# B5 HID projectors => Golf Rallye headlights PART 1 (dismantling)



## Cullen (Apr 5, 1999)

I don't have much time to specify the details so I'll let the pics talk.
The pics where you see TWO projectors, the one on the bottom and on the right is the RALLYE one the other is the B5 one.


----------



## Cullen (Apr 5, 1999)

*Re: B5 HID projectors => Golf Rallye headlights PART 1 (Cullen)*


























































I don't have alot of pics on how to dismantle the Rallye projectors but basically you unscrew the regulating screws ALL the way and pull it out from the black housing. Of course you remove the projector housing from the rest of the headlgith first.


----------



## 16V_Scirocco_GTX (Jul 18, 2001)

*Re: B5 HID projectors => Golf Rallye headlights PART 1 (Cullen)*

Hey Cullen, nice looking project! Great to see you're doing it the right way and not using a kit. I just finished mine, using E30 DE lights to install into a Scirocco, and modifying them with HID projection units out of a new BMW.
Had to do some triming of the HID projector cone so that the lense wouldn't hit the glass:








And then mount the whole HID projection unit with reflector into the rear cover/reflector - using the original srcrew holes of the H1 projection lense holder:








You get this:








And the final results of this:








With lighting like this... you can't tell from the pic all that well, but it's night and day compared to the euro lights I had before:








The nice thing, and this was luck, was that the HID units 1.mounted to the stock points and 2.fit inside the rear cover. Only had to chop the end off the plastic for a whole large enough to get the bulb/clip and ballast connector hooked up.
Good luck mounting those in the Rallye lights .. looks like you're going to have to do some fabrication to to attach that HID projection unit.
Tobias


----------



## Cullen (Apr 5, 1999)

*Re: B5 HID projectors => Golf Rallye headlights PART 1 (16V_Scirocco_GTX)*

quote:[HR][/HR]
Hey Cullen, nice looking project! Great to see you're doing it the right way and not using a kit. I just finished mine, using E30 DE lights to install into a Scirocco, and modifying them with HID projection units out of a new BMW.
Tobias[HR][/HR]​OK so you used the E30 setup and then projectors from a newer BMW (which one?)
SF Bay area? Did we meet when I was there in may?
Tobias sounds scandinavian..








I have been runing HIDs in my stock Rallye lights since 1998 now I decided to put REAL HID projectors, as they are getting more readily available.


----------



## 16V_Scirocco_GTX (Jul 18, 2001)

*Re: B5 HID projectors => Golf Rallye headlights PART 1 (Cullen)*

Hey Cullen,
7 series, and the units from a TT are the same as far as the reflection cone and mounting tabs are concerned.
Didn't get to meet ya .. maybe next time around







Ah, I figured that the output wouldn't be correct using the H1 setup, so I went directly to fitting HIDs into the lights. Considering the cost of used headlights, it was cheaper than buying a kit.
Tobias - komme aus Deutschland


----------



## Cullen (Apr 5, 1999)

*Re: B5 HID projectors => Golf Rallye headlights PART 1 (16V_Scirocco_GTX)*

quote:[HR][/HR]
Hey Cullen,
7 series, and the units from a TT are the same as far as the reflection cone and mounting tabs are concerned.[HR][/HR]​Are you aware of this site:
http://faq.auto.light.tripod.com/car-oem-hid.htm
If you have good pics, please DO contribute them find the emails if you click on BACK at the bottom of the site..

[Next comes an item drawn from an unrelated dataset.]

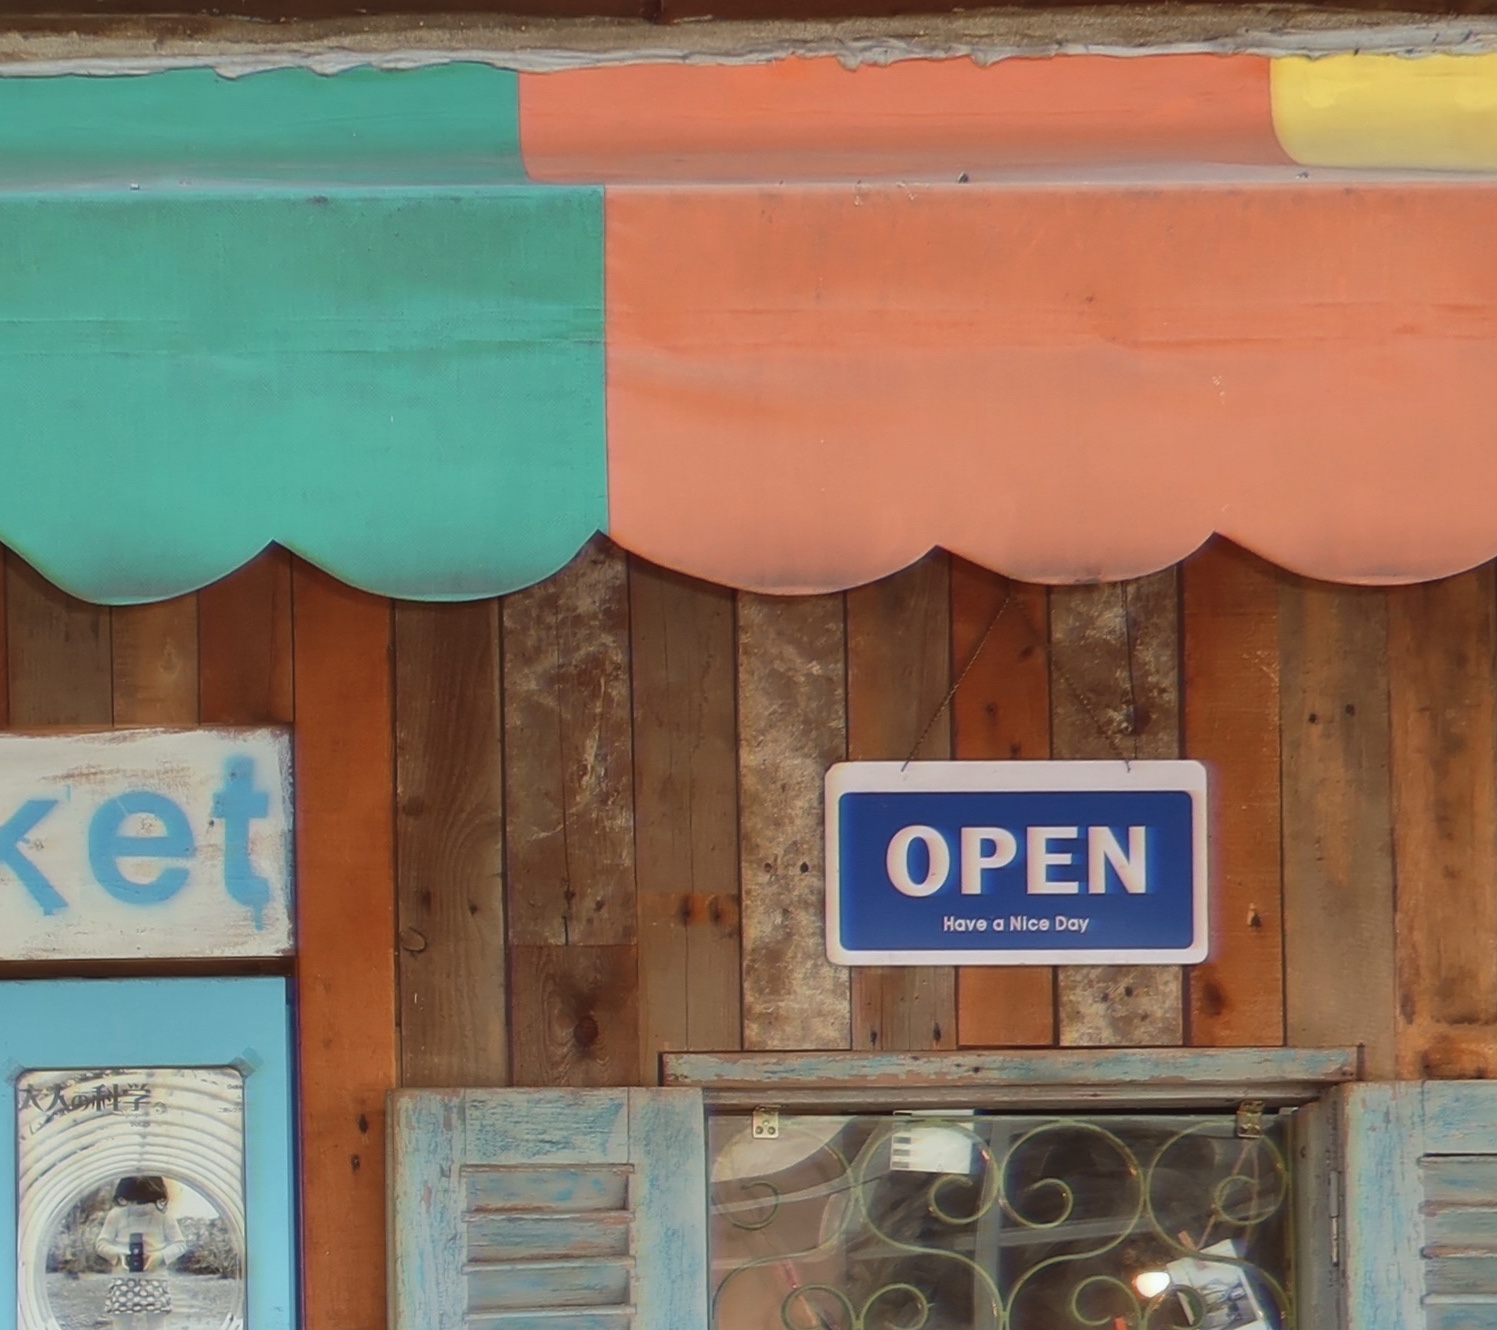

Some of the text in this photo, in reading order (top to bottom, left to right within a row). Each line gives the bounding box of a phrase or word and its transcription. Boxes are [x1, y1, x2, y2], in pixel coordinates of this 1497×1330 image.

[886, 824, 1147, 898] OPEN
[943, 915, 1090, 934] Have a Nice Day
[18, 1083, 152, 1112] 大人の科学

quote:[HR][/HR]Didn't get to meet ya .. maybe next time around







[HR][/HR]​I bet you WILL!








Were you at the ND show?
quote:[HR][/HR]
Considering the cost of used headlights, it was cheaper than buying a kit.
Tobias - komme aus Deutschland







[HR][/HR]​Yeah now it is but in 1998 it was NOT easy to get them afforadably








I figured that when I replied, but its VERY common in Sweden too!


----------



## 16V_Scirocco_GTX (Jul 18, 2001)

*Re: B5 HID projectors => Golf Rallye headlights PART 1 (Cullen)*

I'll send pics to that site .. I need to do some wall shots and some more aligning of the lights, the brackets got a little crooked, but the TT and 7 series are the same, I've got one of each
I was at the show .. got burnt to a crisp - car was there too but dirty and without the HID's .. only got them installed 2 weeks ago.
98 .. yeah, I can only imagine how much that must have cost. I bought all the parts off Ebay and got lucky that the two projectors, one from a TT and the other from the BMW (what a coincidence huh that I picked those two without even knowing) were identical.
One nice thing about living here, the name is pretty unique







Think I've only come across it a handfull of times, mostly as a last name








Hey, you wouldn't know how the block-off plate in bi-xenon light flips down? It's probably gonna be a while before those kind show up on Ebay


----------



## Cullen (Apr 5, 1999)

*Re: B5 HID projectors => Golf Rallye headlights PART 1 (16V_Scirocco_GTX)*

quote:[HR][/HR]
I'll send pics to that site .. I need to do some wall shots and some more aligning of the lights, the brackets got a little crooked, but the TT and 7 series are the same, I've got one of each[HR][/HR]​Great! That will be appreciated alot!
quote:[HR][/HR]
I was at the show .. got burnt to a crisp - car was there too but dirty and without the HID's .. only got them installed 2 weeks ago.
[HR][/HR]​I was one of the show staff members...
quote:[HR][/HR]
98 .. yeah, I can only imagine how much that must have cost. I bought all the parts off Ebay and got lucky that the two projectors, one from a TT and the other from the BMW (what a coincidence huh that I picked those two without even knowing) were identical.[HR][/HR]​Yeah alot of the projectors are the same if you stay within the same brand Bosch and Hella...
quote:[HR][/HR]
One nice thing about living here, the name is pretty unique







Think I've only come across it a handfull of times, mostly as a last name








Hey, you wouldn't know how the block-off plate in bi-xenon light flips down? It's probably gonna be a while before those kind show up on Ebay







[HR][/HR]​Well the same deal with my name!
The BI-Xenon works with a solenoid AFAIK, ask "HIDGolf" !


----------



## HIDGolf (Aug 29, 2001)

*Re: B5 HID projectors => Golf Rallye headlights PART 1 (Cullen)*

very, very cool!


----------



## Cullen (Apr 5, 1999)

*Re: B5 HID projectors => Golf Rallye headlights PART 1 (HIDGolf)*

quote:[HR][/HR]very, very cool![HR][/HR]​There is a part two also, and I have them installed on the car already but since my car is lacking the brushguards etc and we have midnight sun during the evenings I don't wanna make any pics yet


----------



## HIDGolf (Aug 29, 2001)

*Re: B5 HID projectors => Golf Rallye headlights PART 1 (Cullen)*

you have them working on your car?


----------



## Cullen (Apr 5, 1999)

*Re: B5 HID projectors => Golf Rallye headlights PART 1 (HIDGolf)*

quote:[HR][/HR]you have them working on your car?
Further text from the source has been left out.